(Free-text object descriptions)
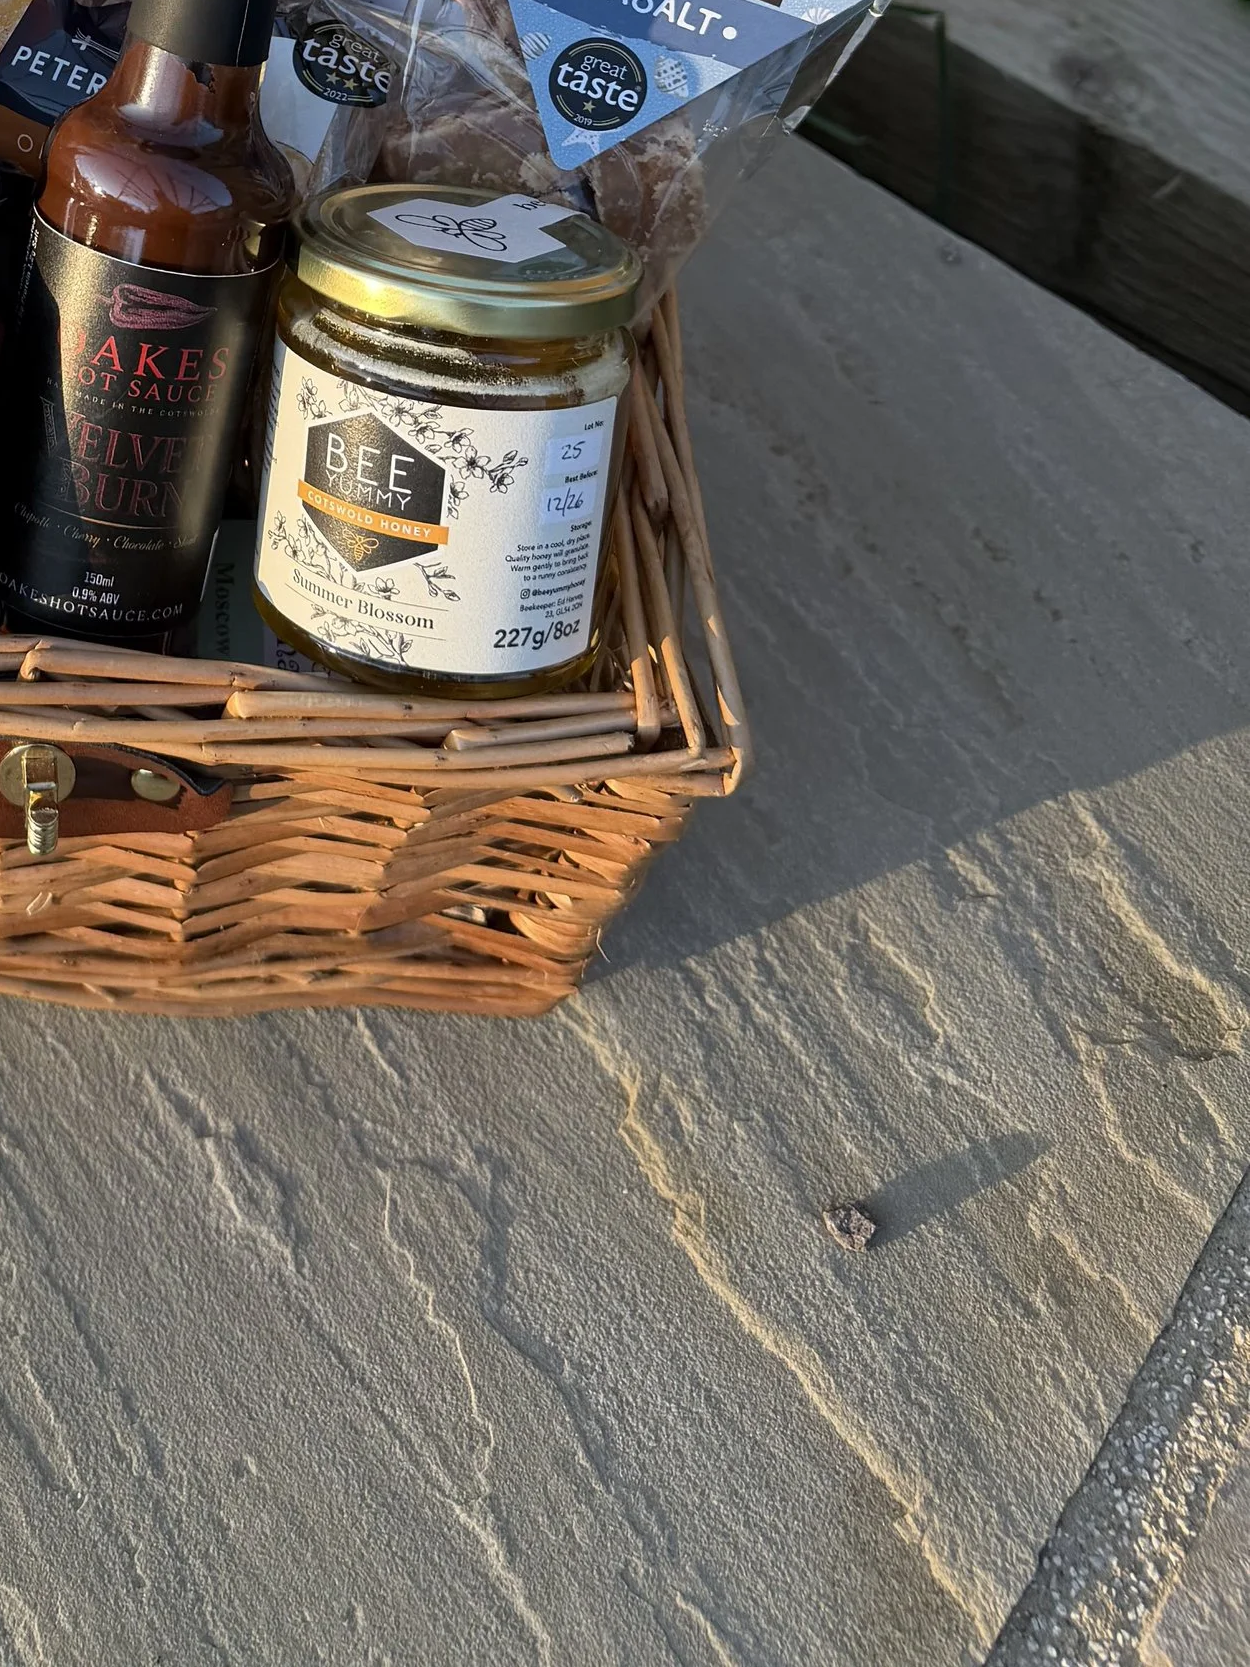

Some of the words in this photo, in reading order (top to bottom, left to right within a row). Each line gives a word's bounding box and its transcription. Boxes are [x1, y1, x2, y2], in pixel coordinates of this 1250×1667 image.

[329, 33, 380, 62] great
[302, 38, 392, 94] taste
[581, 55, 627, 80] great
[323, 87, 348, 102] 2022
[557, 63, 638, 112] taste
[573, 114, 593, 126] 2019
[77, 366, 117, 392] OT
[128, 380, 215, 403] SAUCE
[112, 400, 124, 410] IN
[131, 405, 153, 415] THE
[326, 432, 415, 495] BEE
[561, 441, 586, 460] 25
[58, 456, 189, 518] BURN
[326, 469, 411, 511] YUMMY
[547, 487, 584, 517] 12/26
[308, 490, 373, 525] COTSWOLD
[380, 519, 431, 538] HONEY
[64, 524, 100, 548] Cherry
[114, 535, 164, 551] Chocolate
[505, 555, 530, 563] Quality
[84, 571, 114, 588] 150ml
[0, 571, 183, 622] OAKESHOTSAUCE.COM
[72, 586, 97, 603] 0.9%
[100, 593, 120, 605] ABV
[214, 562, 236, 655] Moscow
[292, 568, 353, 609] Summer
[358, 599, 434, 630] Blossom
[493, 619, 581, 650] 227g/8oz
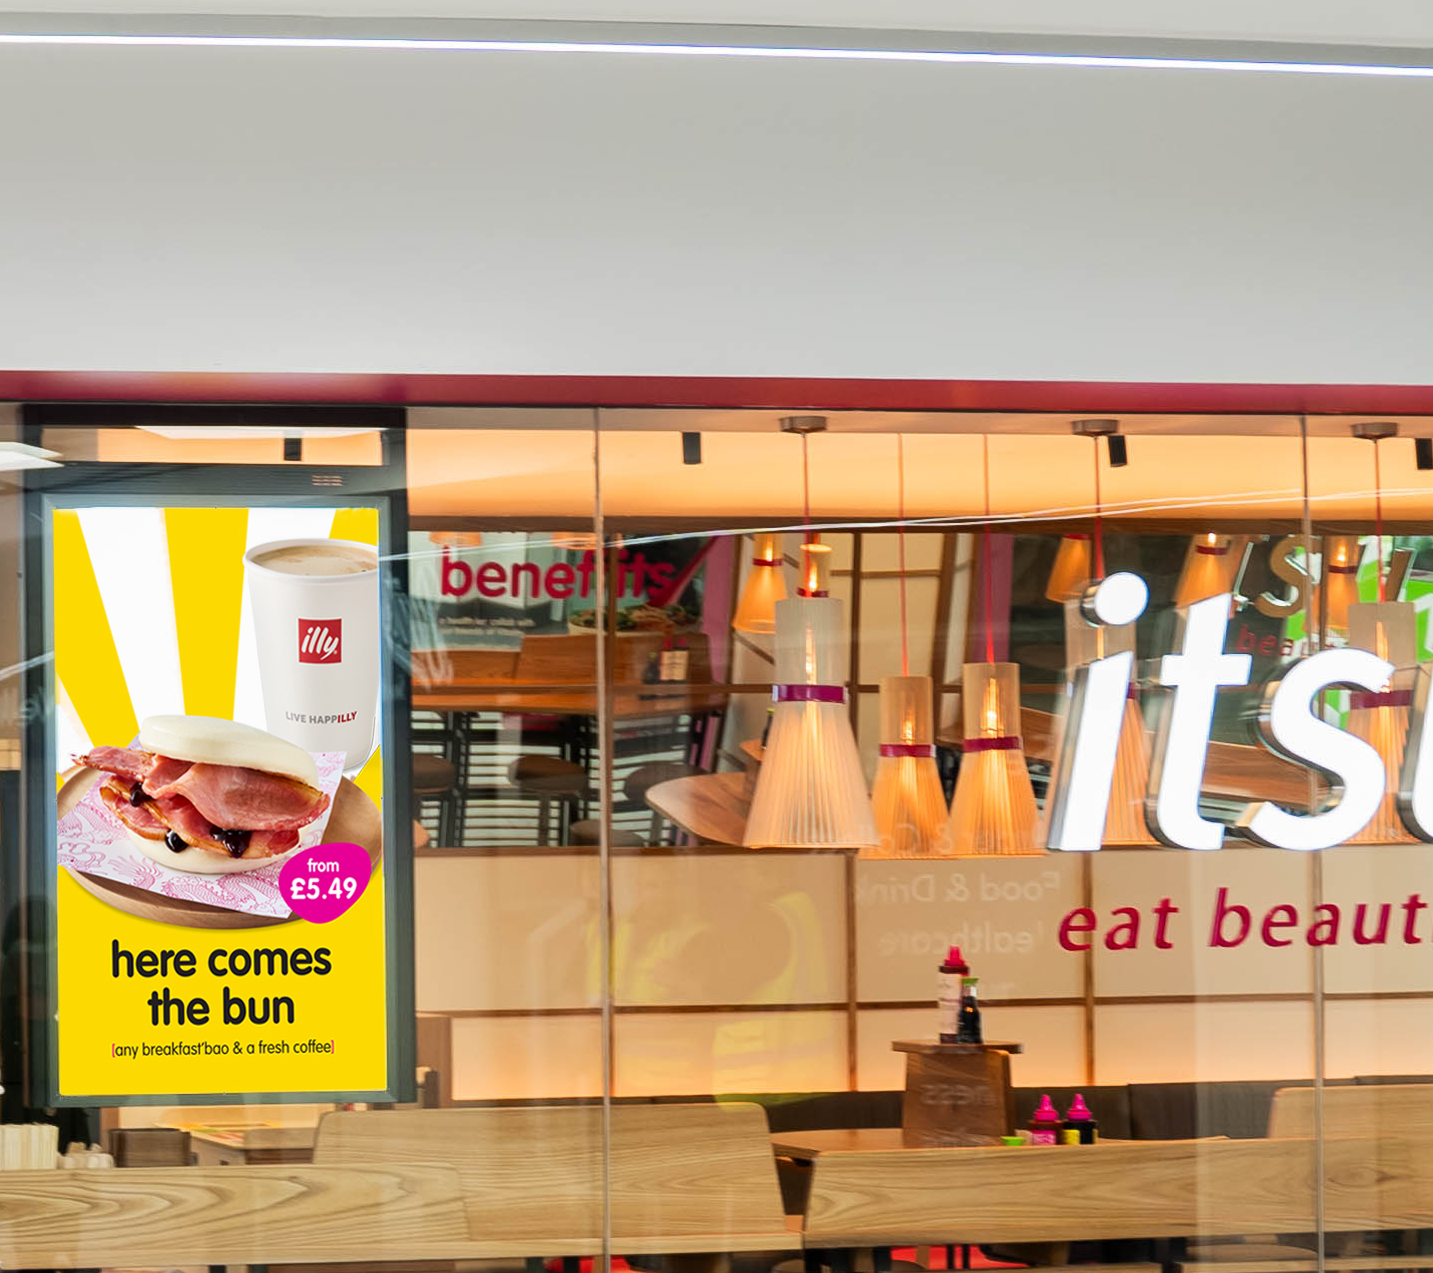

> What is required
Set down all of the data word for word; no pictures belong in it.

> Solution to this problem
Some of the words in this photo, in reading order (top to bottom, left to right within a row). Each line gives a word's bounding box and its transcription. Boxes are [x1, y1, x2, y2], in pixel coordinates of this 1250×1667 image.

[329, 33, 380, 62] great
[302, 38, 392, 94] taste
[581, 55, 627, 80] great
[323, 87, 348, 102] 2022
[557, 63, 638, 112] taste
[573, 114, 593, 126] 2019
[77, 366, 117, 392] OT
[128, 380, 215, 403] SAUCE
[112, 400, 124, 410] IN
[131, 405, 153, 415] THE
[326, 432, 415, 495] BEE
[561, 441, 586, 460] 25
[58, 456, 189, 518] BURN
[326, 469, 411, 511] YUMMY
[547, 487, 584, 517] 12/26
[308, 490, 373, 525] COTSWOLD
[380, 519, 431, 538] HONEY
[64, 524, 100, 548] Cherry
[114, 535, 164, 551] Chocolate
[505, 555, 530, 563] Quality
[84, 571, 114, 588] 150ml
[0, 571, 183, 622] OAKESHOTSAUCE.COM
[72, 586, 97, 603] 0.9%
[100, 593, 120, 605] ABV
[214, 562, 236, 655] Moscow
[292, 568, 353, 609] Summer
[358, 599, 434, 630] Blossom
[493, 619, 581, 650] 227g/8oz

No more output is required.